The niche streamers are looking to thrive by playing the game employing a different set of tools.  It’s a necessity for them to do so. The heavyweights have massive production, content acquisition and marketing budgets.  The niche streamers… well, they don’t.

These niche streamers  ̶  much like the independent niche cable channels that launched to satisfy the entertainment demands of hyper-focused consumers who had a particular fondness for food, home renovation or the arts  ̶  are providing tightly-defined content lineups that tap into consumer passions. These niche cable channels prospered from embracing their independence and operating under a different set of rules than the bigger networks. For niche streamers, in addition to their content decisions, their success is being guided by such key factors as curation, community, and authenticity rather than mega-budget-driven marketing campaigns. They also cannot rely on traditional marketing, which is very expensive, but utilize social media channels to expand their brand presence.

The journey to prosperity for the niche streamer begins with the right blend of content.

From our beginnings as a content distribution company, DMR understood the appeal of niche-focused programming in the US. Having distributed such content to Netflix and Hulu, we saw the potential before launching streaming channels like Midnight Pulp (horror, thriller, sci-fi) and AsianCrush (pan-Asian movies and TV series).  Now we are seeing an interesting pivot where, previously, Asian programs such as Korean drama series were considered niche offerings, but with the success of “Squid Games,” the cat is out of the bag. Now there’s much larger mainstream demand for such content and we’re happy to see the overall marketplace increase for Korean programs as AsianCrush has already established itself as a go-to destination in this area. 

In our experience, the key to super-serving our audience is with the right type and volume of content.  We target the super-fan by acquiring programs they want to watch and compete against the majors with this highly curated approach.  The big streamers do offer some Asian content but by deft curation via an engaging mix of hit titles along with lesser-known gems is how we entice viewership. Our channel programmers are very good at unearthing these gems.  They know the production companies and the talent behind and on-camera.  The result is that they program our channels not only as genre experts but as uber-fans who want to share the experience with other fans.

In addition to finding a home that satisfies their content needs, niche content consumers want to feel a part of a community.  They don’t just want to consume content but they’re also looking to be part of the conversation interactively via social media outlets like Facebook, Instagram and YouTube.  Using our social platforms we’ve built large communities that our audience gravitates towards and engage with.  In fact, DMR generates billions of video views per year across our social channels.

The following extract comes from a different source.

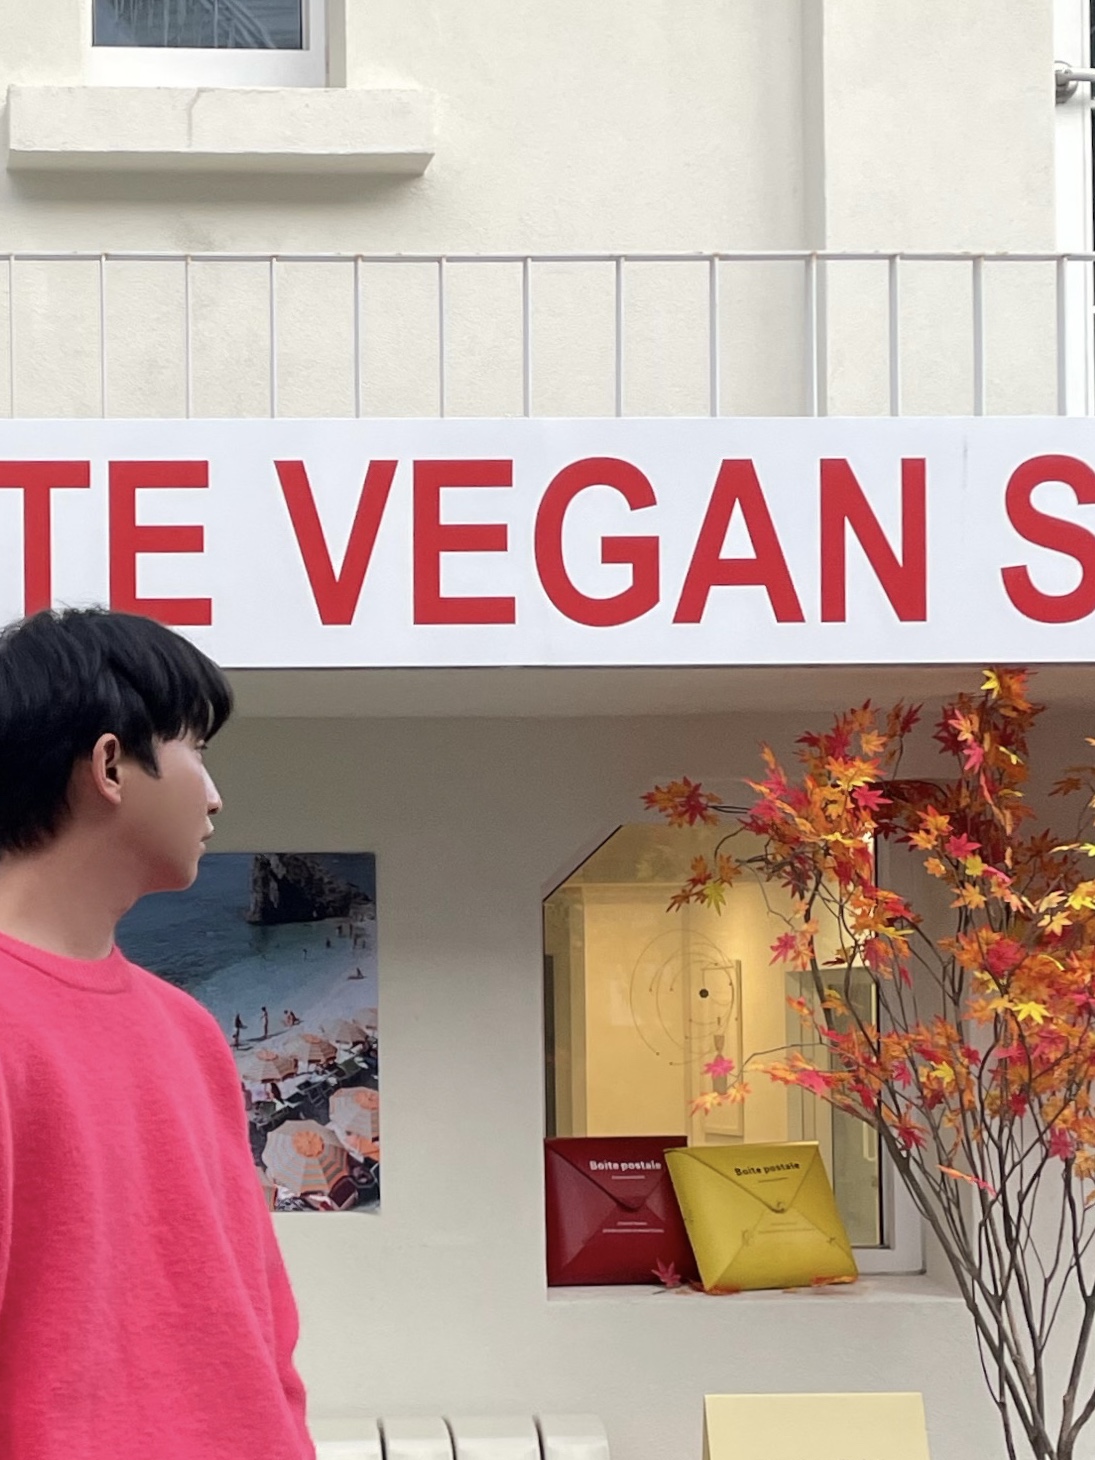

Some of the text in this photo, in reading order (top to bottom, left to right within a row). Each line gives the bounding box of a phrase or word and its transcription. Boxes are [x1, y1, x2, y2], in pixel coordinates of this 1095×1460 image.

Another important approach to building our niche channels is to ensure they are accessible and omni-present across as many devices and platforms as possible.  Audiences consume content in a variety of ways and it’s important to be present across all of these mediums whether it’s mobile, desktop, set-top boxes, Smart TV’s, FAST and vMVPD platforms. 

Niche applies to both direct-to-consumer streaming services but also niche linear channels on the dial available as a FAST (free ad-support television) channels or on virtual-MVPD platforms.  You need to be a participant in FAST as lean-back, linear scheduled viewing is as popular as ever considering the rapid growth of FAST platforms.

As FAST platforms like The Roku Channel, Samsung TV Plus, Pluto, and Xumo grow they are becoming the new Cable alternative, but in the streaming business. As such, it’s important that our channels are found in the channel lineups of all the key FAST platforms. 

While the streaming giants go head-to-head in a battle many pundits believe will culminate in further consolidation to achieve even more super-sized scale, there continues to be opportunities for smaller independents companies focused on niche verticals.  However, to be successful, these independents need to bring the passion and authenticity of a superfan in order to serve their audience well.